A new multi-year, above inflation pay strategy for the Scottish
public sector will provide certainty for the workforce while
improving public services for the people of Scotland, Finance
Secretary has said.
The 2024-25 Public Sector Pay Policy sets out a framework for
workers to receive an average 9.3% uplift over three years –
providing above inflation protection from forecast inflation
rates of 5.7%.
Finance and Local Government Secretary said the framework can be
used to take forward negotiations on pay and non-pay elements
relevant to individual sectors and workforces.
Ms Robison said:
“The most valuable and important asset of public services is
their workforces. Our approach to public sector pay in recent
years means that people in key public sector roles in Scotland
are now paid 6% more on average than in the rest of the UK
demonstrating that we have supported public sector workers during
the cost-of-living crisis.
“This new above inflation multi-year framework offers public
sector workers certainty and a considerable degree of pay
restoration when set against expected inflation forecasts up to
2027.
“It also continues our journey to build the Scottish economy and
create the prosperity necessary to support people in Scotland –
underlining our commitment to strong public services.
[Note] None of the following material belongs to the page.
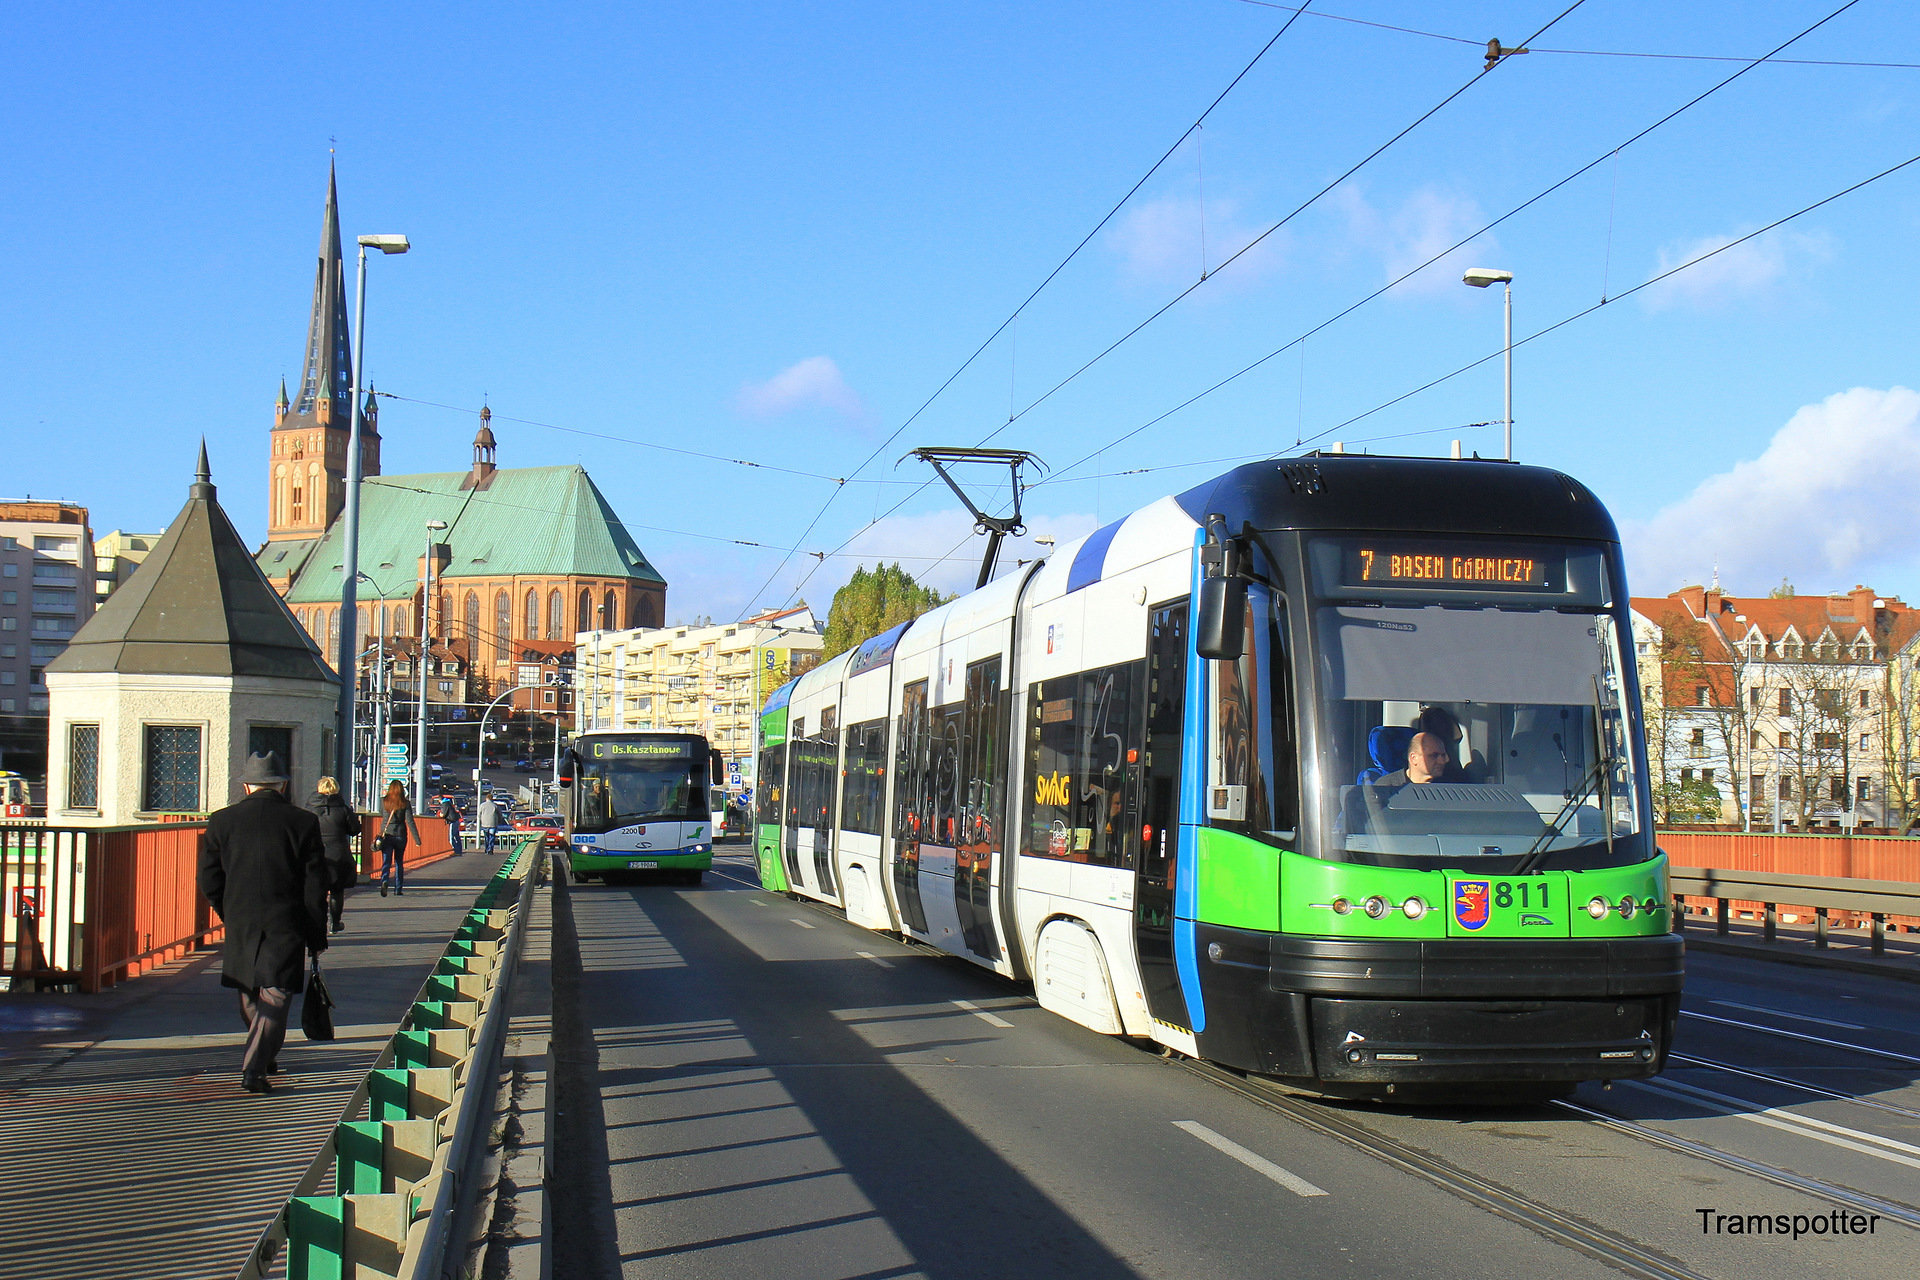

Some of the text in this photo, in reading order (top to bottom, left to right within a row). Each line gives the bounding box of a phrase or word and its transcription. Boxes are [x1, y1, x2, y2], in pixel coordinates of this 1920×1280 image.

Scotland
thrives when the organisations that support the people of
Scotland thrive, and it is my belief this new pay policy will
support workers to achieve exactly that.
“The Scottish Government operates on an effectively fixed budget,
limiting what can be delivered through pay policy. We have set
out a fair framework within the limits of our budget. A change to
UK spending plans would be required to increase spending on
public services and public service workers.”